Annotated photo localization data
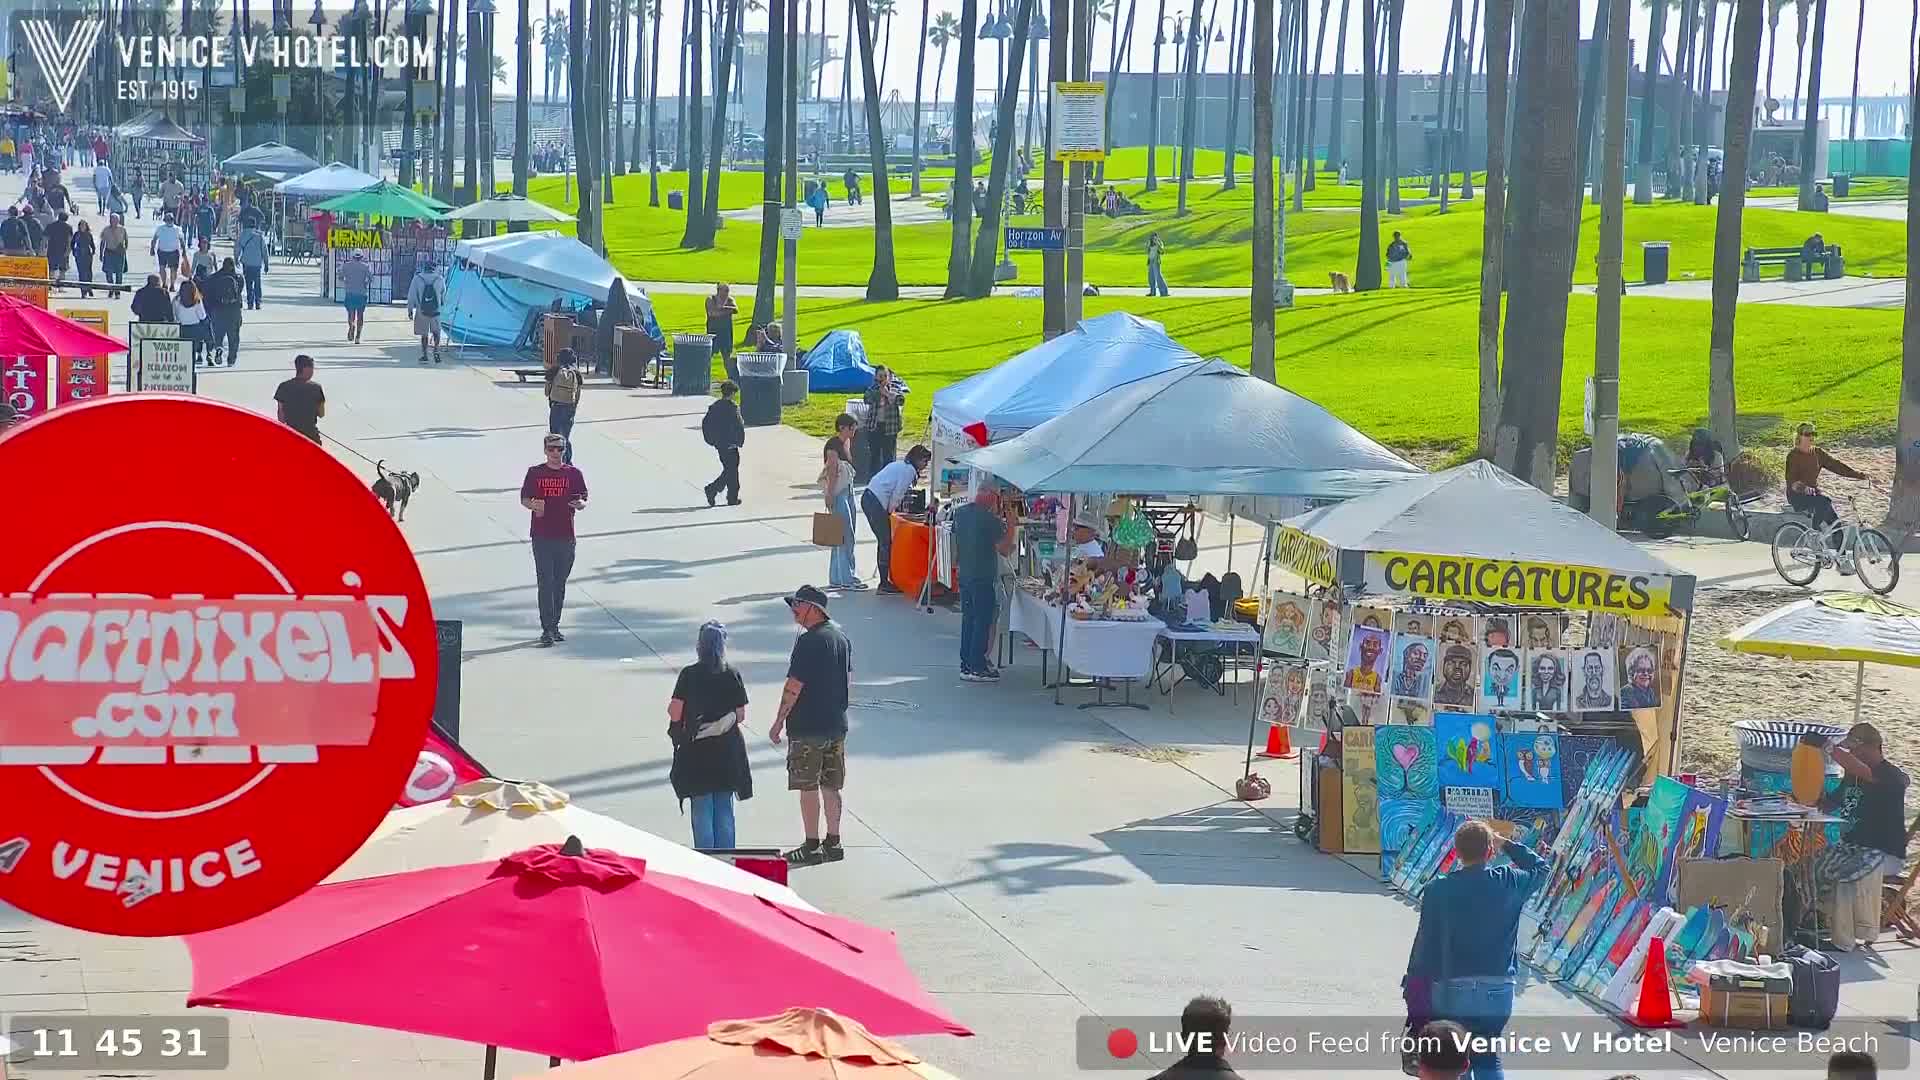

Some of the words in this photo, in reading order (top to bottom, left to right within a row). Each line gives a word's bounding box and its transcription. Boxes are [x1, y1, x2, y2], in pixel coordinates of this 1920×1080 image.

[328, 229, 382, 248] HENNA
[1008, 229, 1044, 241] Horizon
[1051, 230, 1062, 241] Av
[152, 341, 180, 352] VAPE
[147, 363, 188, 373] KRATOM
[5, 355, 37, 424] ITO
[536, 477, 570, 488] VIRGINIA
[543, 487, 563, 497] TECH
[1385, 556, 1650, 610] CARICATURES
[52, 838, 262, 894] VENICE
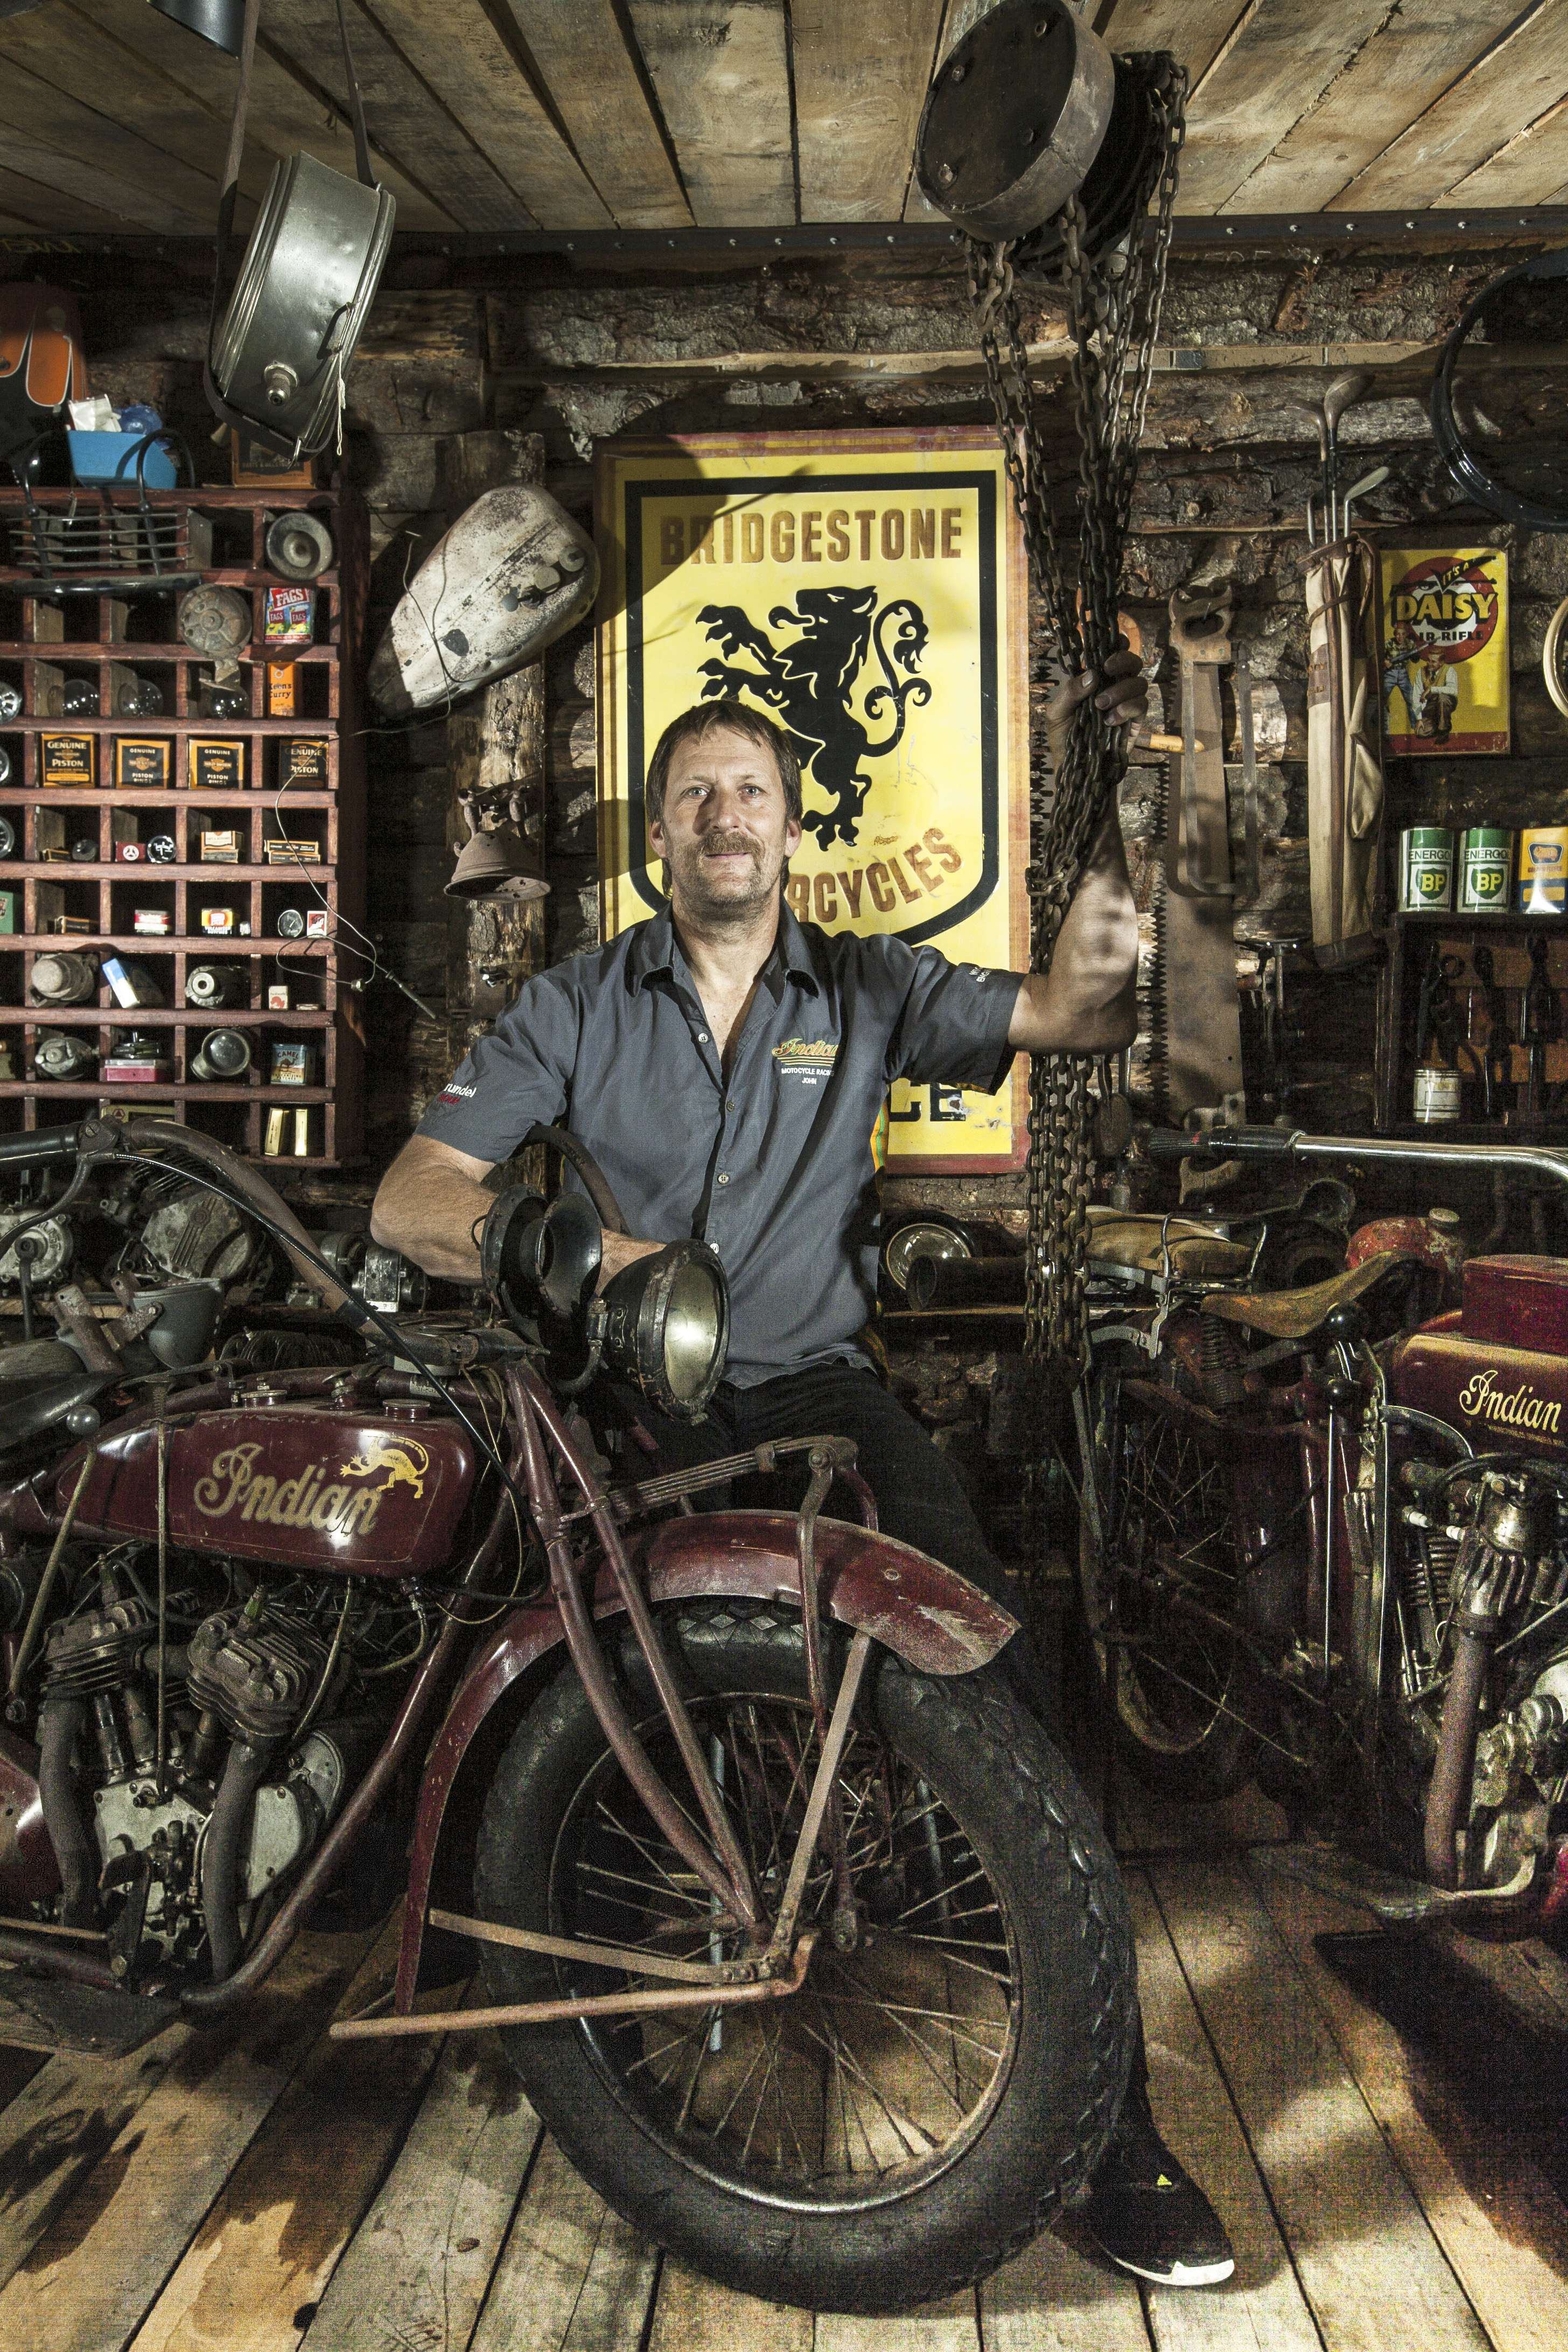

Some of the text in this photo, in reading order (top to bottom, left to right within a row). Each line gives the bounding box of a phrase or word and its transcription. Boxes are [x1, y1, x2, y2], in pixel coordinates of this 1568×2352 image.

- Instructions to follow: Reproduce the data above exactly, leaving each picture out.

- Finished task:
Some of the words in this photo, in reading order (top to bottom, left to right within a row). Each line gives a word's bounding box and its transcription. Boxes are [x1, y1, x2, y2], in pixel coordinates of this 1920×1080 image.

[328, 229, 382, 248] HENNA
[1008, 229, 1044, 241] Horizon
[1051, 230, 1062, 241] Av
[152, 341, 180, 352] VAPE
[147, 363, 188, 373] KRATOM
[5, 355, 37, 424] ITO
[536, 477, 570, 488] VIRGINIA
[543, 487, 563, 497] TECH
[1385, 556, 1650, 610] CARICATURES
[52, 838, 262, 894] VENICE

Some of the text in this photo, in reading order (top to bottom, left to right within a row). Each line gives the bounding box of a phrase or word and its transcription. Boxes are [x1, y1, x2, y2], in pixel coordinates of this 1568×2352 image.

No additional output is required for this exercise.